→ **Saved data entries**
***
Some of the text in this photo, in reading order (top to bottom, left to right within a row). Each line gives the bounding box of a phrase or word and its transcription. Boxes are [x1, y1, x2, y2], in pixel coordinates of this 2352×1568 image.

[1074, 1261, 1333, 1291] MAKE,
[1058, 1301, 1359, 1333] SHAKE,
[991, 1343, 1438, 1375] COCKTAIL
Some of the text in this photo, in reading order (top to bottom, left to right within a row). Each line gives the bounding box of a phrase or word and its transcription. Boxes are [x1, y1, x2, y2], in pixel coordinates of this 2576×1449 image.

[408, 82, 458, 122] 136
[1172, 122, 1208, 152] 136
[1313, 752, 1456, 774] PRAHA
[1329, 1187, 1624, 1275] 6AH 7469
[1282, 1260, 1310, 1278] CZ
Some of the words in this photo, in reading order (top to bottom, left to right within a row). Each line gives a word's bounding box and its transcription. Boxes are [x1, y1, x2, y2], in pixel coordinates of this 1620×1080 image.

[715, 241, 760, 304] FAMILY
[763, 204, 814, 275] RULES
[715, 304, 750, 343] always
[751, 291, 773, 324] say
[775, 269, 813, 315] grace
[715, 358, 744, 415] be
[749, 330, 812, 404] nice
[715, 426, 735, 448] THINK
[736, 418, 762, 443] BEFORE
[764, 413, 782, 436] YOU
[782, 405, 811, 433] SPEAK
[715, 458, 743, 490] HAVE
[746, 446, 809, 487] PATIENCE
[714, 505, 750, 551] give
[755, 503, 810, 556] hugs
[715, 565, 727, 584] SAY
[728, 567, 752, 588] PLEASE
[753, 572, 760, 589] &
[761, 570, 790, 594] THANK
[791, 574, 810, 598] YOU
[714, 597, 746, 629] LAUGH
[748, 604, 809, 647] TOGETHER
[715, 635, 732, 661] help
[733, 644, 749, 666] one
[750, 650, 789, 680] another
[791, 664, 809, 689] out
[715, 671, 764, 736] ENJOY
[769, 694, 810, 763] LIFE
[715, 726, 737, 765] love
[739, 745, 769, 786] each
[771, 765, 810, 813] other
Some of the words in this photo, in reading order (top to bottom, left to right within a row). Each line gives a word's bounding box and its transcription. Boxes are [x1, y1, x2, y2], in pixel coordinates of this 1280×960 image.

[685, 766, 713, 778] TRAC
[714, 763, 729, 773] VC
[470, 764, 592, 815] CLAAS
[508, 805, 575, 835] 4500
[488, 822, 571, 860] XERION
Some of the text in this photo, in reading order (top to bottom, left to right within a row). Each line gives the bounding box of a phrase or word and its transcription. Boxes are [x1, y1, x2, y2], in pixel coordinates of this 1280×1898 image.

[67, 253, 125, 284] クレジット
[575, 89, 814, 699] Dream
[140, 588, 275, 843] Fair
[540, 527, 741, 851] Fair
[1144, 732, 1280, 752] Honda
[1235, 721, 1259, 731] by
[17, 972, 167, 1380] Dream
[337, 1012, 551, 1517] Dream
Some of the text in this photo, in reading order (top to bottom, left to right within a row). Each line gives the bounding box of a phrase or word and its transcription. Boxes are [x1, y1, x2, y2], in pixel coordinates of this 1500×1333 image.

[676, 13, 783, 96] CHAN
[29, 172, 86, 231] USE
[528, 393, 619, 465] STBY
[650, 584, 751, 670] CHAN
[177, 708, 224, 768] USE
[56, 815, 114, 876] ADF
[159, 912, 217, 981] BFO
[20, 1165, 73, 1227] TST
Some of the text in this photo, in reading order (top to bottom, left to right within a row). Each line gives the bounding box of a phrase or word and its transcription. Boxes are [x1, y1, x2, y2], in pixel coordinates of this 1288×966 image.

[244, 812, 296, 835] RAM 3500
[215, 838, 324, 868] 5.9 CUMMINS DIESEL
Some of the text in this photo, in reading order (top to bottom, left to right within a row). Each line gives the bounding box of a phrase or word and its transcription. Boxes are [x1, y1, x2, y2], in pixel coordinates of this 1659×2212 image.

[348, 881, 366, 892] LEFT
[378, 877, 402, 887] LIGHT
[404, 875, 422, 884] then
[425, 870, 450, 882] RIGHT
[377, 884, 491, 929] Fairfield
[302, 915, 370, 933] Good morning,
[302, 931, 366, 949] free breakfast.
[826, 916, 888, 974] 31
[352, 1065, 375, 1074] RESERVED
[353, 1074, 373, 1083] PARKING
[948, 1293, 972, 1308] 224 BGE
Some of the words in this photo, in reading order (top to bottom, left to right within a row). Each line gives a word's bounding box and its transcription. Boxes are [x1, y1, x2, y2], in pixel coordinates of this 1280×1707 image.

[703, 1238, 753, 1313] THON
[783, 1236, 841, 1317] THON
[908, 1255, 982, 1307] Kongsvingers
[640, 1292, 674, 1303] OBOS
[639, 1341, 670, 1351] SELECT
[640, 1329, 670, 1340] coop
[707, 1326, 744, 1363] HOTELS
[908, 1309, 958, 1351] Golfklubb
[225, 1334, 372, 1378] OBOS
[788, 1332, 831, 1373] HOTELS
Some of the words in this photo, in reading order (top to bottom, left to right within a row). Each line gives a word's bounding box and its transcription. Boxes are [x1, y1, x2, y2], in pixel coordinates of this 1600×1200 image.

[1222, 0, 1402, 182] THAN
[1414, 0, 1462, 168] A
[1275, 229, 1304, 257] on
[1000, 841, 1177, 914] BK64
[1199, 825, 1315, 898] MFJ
***
→ **EXERCISE REQUIREMENTS**
Locate the line with "this 1659×2212 image." in the entries above; extract it and every line after it, verbatim.

→ **ANSWER BELOW**
Some of the text in this photo, in reading order (top to bottom, left to right within a row). Each line gives the bounding box of a phrase or word and its transcription. Boxes are [x1, y1, x2, y2], in pixel coordinates of this 1659×2212 image.

[348, 881, 366, 892] LEFT
[378, 877, 402, 887] LIGHT
[404, 875, 422, 884] then
[425, 870, 450, 882] RIGHT
[377, 884, 491, 929] Fairfield
[302, 915, 370, 933] Good morning,
[302, 931, 366, 949] free breakfast.
[826, 916, 888, 974] 31
[352, 1065, 375, 1074] RESERVED
[353, 1074, 373, 1083] PARKING
[948, 1293, 972, 1308] 224 BGE
Some of the words in this photo, in reading order (top to bottom, left to right within a row). Each line gives a word's bounding box and its transcription. Boxes are [x1, y1, x2, y2], in pixel coordinates of this 1280×1707 image.

[703, 1238, 753, 1313] THON
[783, 1236, 841, 1317] THON
[908, 1255, 982, 1307] Kongsvingers
[640, 1292, 674, 1303] OBOS
[639, 1341, 670, 1351] SELECT
[640, 1329, 670, 1340] coop
[707, 1326, 744, 1363] HOTELS
[908, 1309, 958, 1351] Golfklubb
[225, 1334, 372, 1378] OBOS
[788, 1332, 831, 1373] HOTELS
Some of the words in this photo, in reading order (top to bottom, left to right within a row). Each line gives a word's bounding box and its transcription. Boxes are [x1, y1, x2, y2], in pixel coordinates of this 1600×1200 image.

[1222, 0, 1402, 182] THAN
[1414, 0, 1462, 168] A
[1275, 229, 1304, 257] on
[1000, 841, 1177, 914] BK64
[1199, 825, 1315, 898] MFJ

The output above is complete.